Yemen: in a country stalked by disease, Covid barely registers

This article is more than 3 years old
Two-year old Said Hammoud Hussein, who is recovering from malnutrition. Photograph: Sam Tarling/Sana'a Centre/The Guardian

War, hunger and devastating aid cuts have made the plight of Yemenis almost unbearable

by in Ataq, Yemen

On a ward in Ataq general hospital, in the dusty central province of Shabwa in Yemen, six-month-old Muna Bassam is lying on her back, eyes closed, her distended belly moving up and down with the labour of breathing.

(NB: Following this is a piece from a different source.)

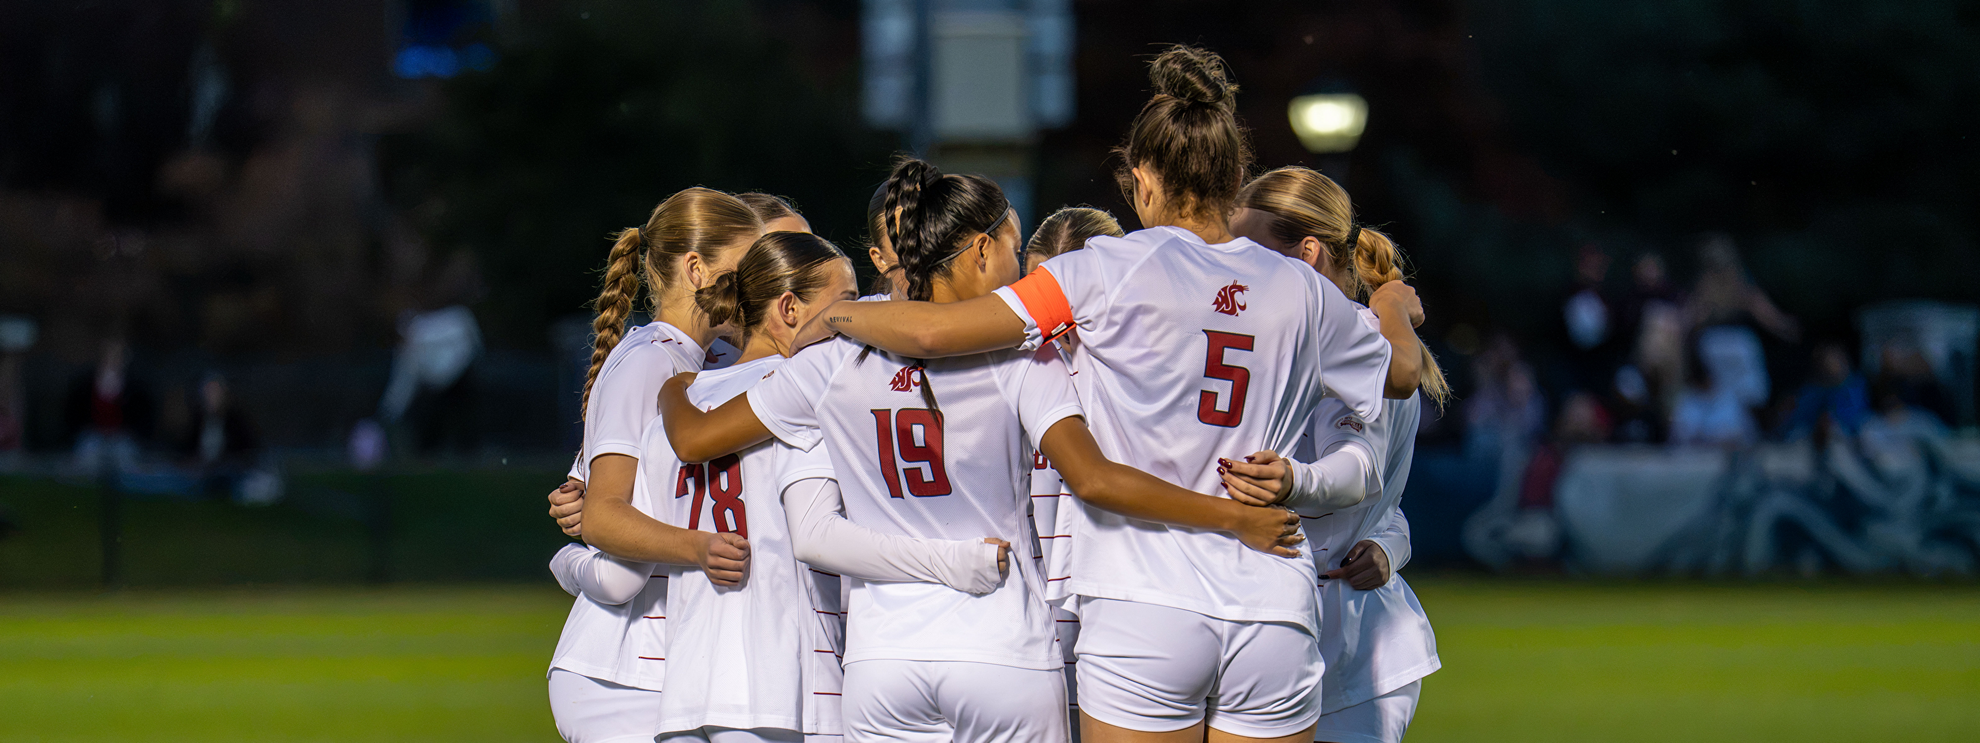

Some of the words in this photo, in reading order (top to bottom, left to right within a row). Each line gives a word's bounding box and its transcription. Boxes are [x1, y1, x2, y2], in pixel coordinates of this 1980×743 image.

[1197, 329, 1255, 428] 5
[675, 453, 748, 540] 78
[870, 408, 952, 499] 19

In the corridor outside her room, a poster shows before-and-after photos of several children admitted to the ward who have managed to recover from acute malnutrition – still painfully thin, but smiling and alert.

Muna’s family have already taken her to hospital once before. Worried about being able to pay for her treatment and fuel to return to the village, their prayers for her this time around are even more urgent.

“My wife and I had 20 children. Eleven of them died,” said the baby’s grandfather, Abdullah. “But that was a long time ago. This should not still be happening today.”

Fatima Mohammad holds her four-month-old granddaughter Sara Nasser, who has a chest infection, in the paediatrics ward of Ataq general hospital. Photograph: Sam Tarling/Sana'a Centre/The Guardian

Elsewhere in the overwhelmed hospital, children are suffering with cholera, diphtheria and dengue fever, contagious diseases that have stalked Yemen since the outbreak of war six years ago. For patients and doctors here, in what the UN says is the world’s worst humanitarian crisis, coronavirus barely registers.

“We don’t have a neurosurgeon. We don’t have a maternity ward. We treat 20 children a month for malnutrition and now we are admitting more and more people severely ill with complications from dengue fever – more than 3,000 cases so far this year. The generator doesn’t always keep the equipment on,” says Dr Ali Nasser Saeed, the hospital director. “Coronavirus is nowhere near our biggest problem.”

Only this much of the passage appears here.